Claude 3.5 Sonnet Connections Evals

[posts] September 21, 2024

I’ve continued experimenting with techniques to prompt a language model to solve Connections. At a high level, I set out to design an approach to hold the model to a similar standard as a human player, within the restrictions of the game. These standards and guardrails include the following:

The model is only prompted to make one guess at a time
The model is given feedback after each guess including:
- if the guess was correct or incorrect
- if 3/4 words were correct
- if a guess was invalid (including a repeated group or if greater than or fewer than four words, or hallucinated words are proposed)
If the model guesses four words that fit in a group, the guess is considered correct, even if the category isn’t correct

An example#

Here is an example conversation between the model and the scorer, as the model attempts to solve the puzzle.

A few notes:

The chat can be collapsed if you’d rather not read it or once you get the general idea
XML-like tags like <scratchpad> are being hidden because they are being invisibly rendered by the DOM (I am working on a way around this, but you can look at the code for the exact prompt used)
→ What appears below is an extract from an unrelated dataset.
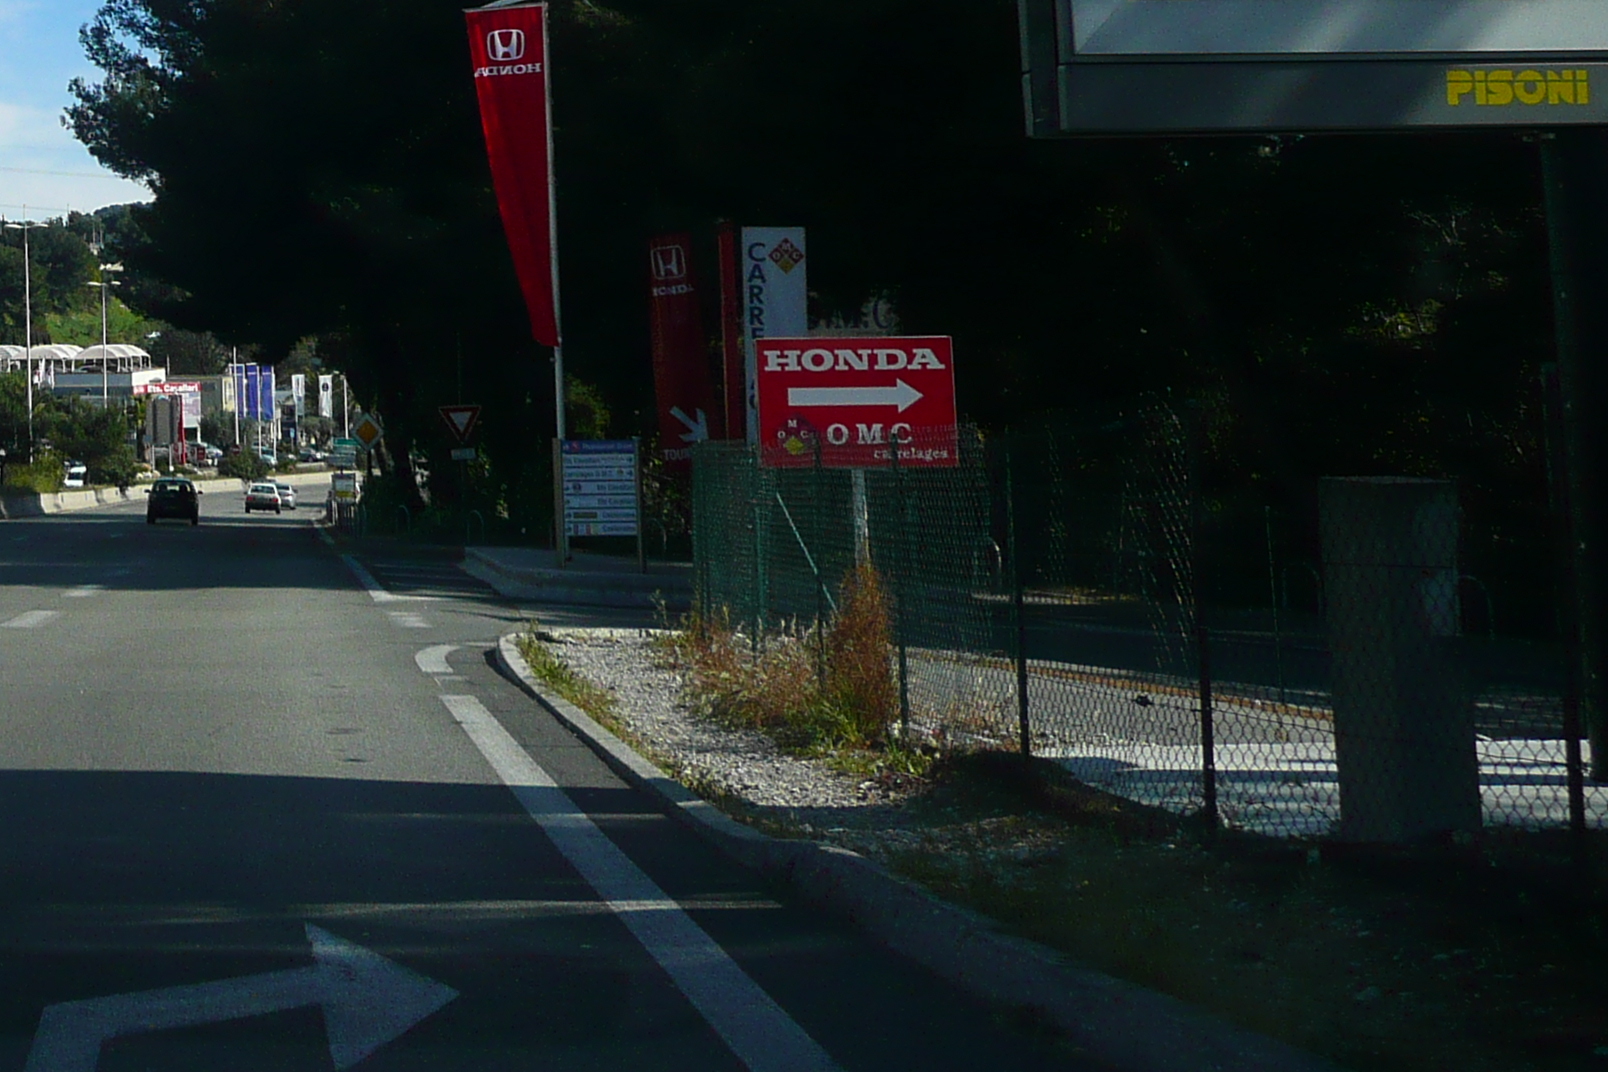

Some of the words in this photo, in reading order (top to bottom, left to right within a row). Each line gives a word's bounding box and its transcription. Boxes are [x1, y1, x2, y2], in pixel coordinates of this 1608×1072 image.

[1446, 69, 1589, 106] PISONI
[763, 348, 946, 372] HONDA
[873, 447, 949, 462] carelages
claude-3-5-sonnet-20240620

user

"Connections" is a word categorization game. I will provide you with 16 words, and your goal is to find four groups of four words that share a common category. Each word will belong to only one category in the correct solution. Be careful of words that seem like they could fit in more than one category. Consider guessing other categories first to improve your chances of success by elimination of more obvious groups. You have a maximum of four incorrect guesses, so choose carefully!

After I give you the words, you will suggest one group of four words at a time and the category that connects them. I will provide feedback on whether the group of four words is correct or incorrect. The accuracy of the category name is not important; what matters is that the four words belong together. If three out of the four words you guess share a category, I will let you know. Otherwise, I will simply tell you if your guess was correct or incorrect.

Don't get discouraged if you make invalid guesses. Keep trying! I am very patient.

The connection between words is _not_ vague. The connection is clear and unambiguous, although it may not be obvious at first glance.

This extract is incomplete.